Try it: Drop every image, then reproduce the data exactly as given.

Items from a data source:
● ● ●
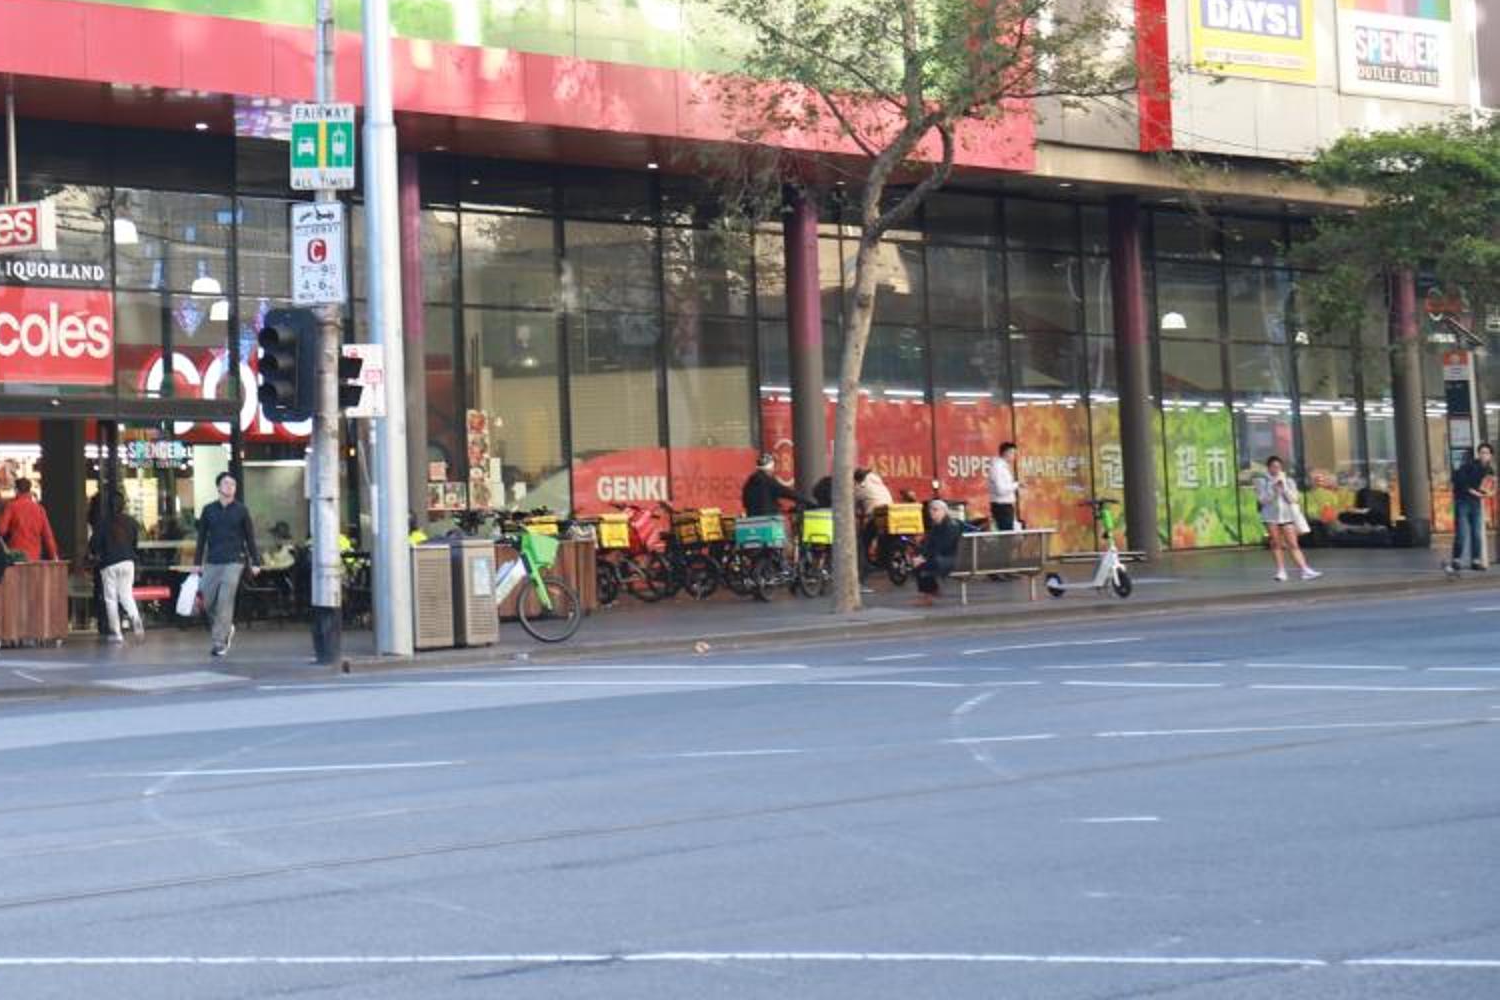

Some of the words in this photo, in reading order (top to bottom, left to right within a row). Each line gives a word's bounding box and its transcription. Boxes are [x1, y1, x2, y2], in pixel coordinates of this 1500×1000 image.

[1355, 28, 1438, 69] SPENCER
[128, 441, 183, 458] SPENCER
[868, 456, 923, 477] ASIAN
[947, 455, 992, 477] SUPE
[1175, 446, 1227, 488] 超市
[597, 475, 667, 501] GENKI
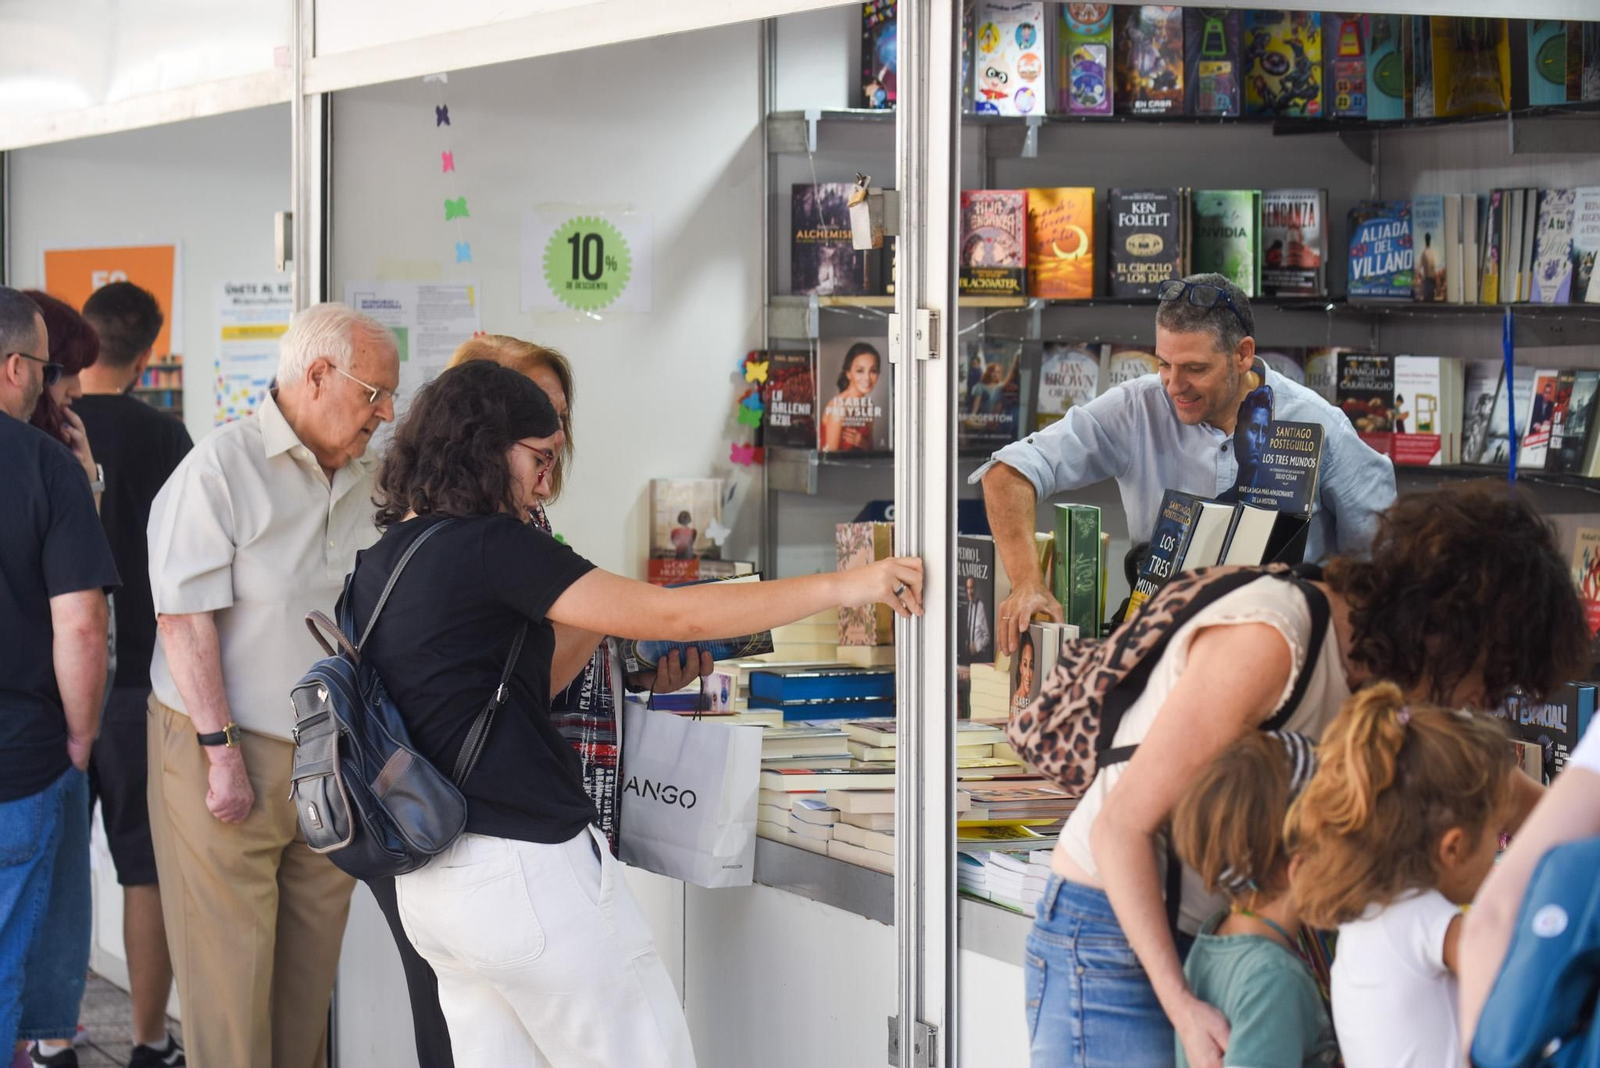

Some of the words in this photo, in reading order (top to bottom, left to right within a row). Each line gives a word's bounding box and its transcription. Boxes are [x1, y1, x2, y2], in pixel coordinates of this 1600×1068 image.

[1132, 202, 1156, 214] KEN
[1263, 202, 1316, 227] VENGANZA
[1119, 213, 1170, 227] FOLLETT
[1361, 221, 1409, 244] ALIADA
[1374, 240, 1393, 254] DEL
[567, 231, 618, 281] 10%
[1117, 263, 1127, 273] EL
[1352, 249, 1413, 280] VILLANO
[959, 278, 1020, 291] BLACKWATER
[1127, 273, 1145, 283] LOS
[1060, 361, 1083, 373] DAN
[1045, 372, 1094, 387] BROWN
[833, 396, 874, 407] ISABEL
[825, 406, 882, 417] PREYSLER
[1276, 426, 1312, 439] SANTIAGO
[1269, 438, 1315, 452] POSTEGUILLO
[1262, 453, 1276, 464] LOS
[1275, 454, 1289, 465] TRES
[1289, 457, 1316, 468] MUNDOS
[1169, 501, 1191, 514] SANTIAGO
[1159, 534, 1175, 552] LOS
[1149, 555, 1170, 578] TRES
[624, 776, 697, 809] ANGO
● ● ●
Exercise response:
Some of the words in this photo, in reading order (top to bottom, left to right within a row). Each line gives a word's bounding box and its transcription. Boxes are [x1, y1, x2, y2], in pixel coordinates of this 1500×1000 image.

[1355, 28, 1438, 69] SPENCER
[128, 441, 183, 458] SPENCER
[868, 456, 923, 477] ASIAN
[947, 455, 992, 477] SUPE
[1175, 446, 1227, 488] 超市
[597, 475, 667, 501] GENKI

Some of the words in this photo, in reading order (top to bottom, left to right within a row). Each line gives a word's bounding box and its transcription. Boxes are [x1, y1, x2, y2], in pixel coordinates of this 1600×1068 image.

[1132, 202, 1156, 214] KEN
[1263, 202, 1316, 227] VENGANZA
[1119, 213, 1170, 227] FOLLETT
[1361, 221, 1409, 244] ALIADA
[1374, 240, 1393, 254] DEL
[567, 231, 618, 281] 10%
[1117, 263, 1127, 273] EL
[1352, 249, 1413, 280] VILLANO
[959, 278, 1020, 291] BLACKWATER
[1127, 273, 1145, 283] LOS
[1060, 361, 1083, 373] DAN
[1045, 372, 1094, 387] BROWN
[833, 396, 874, 407] ISABEL
[825, 406, 882, 417] PREYSLER
[1276, 426, 1312, 439] SANTIAGO
[1269, 438, 1315, 452] POSTEGUILLO
[1262, 453, 1276, 464] LOS
[1275, 454, 1289, 465] TRES
[1289, 457, 1316, 468] MUNDOS
[1169, 501, 1191, 514] SANTIAGO
[1159, 534, 1175, 552] LOS
[1149, 555, 1170, 578] TRES
[624, 776, 697, 809] ANGO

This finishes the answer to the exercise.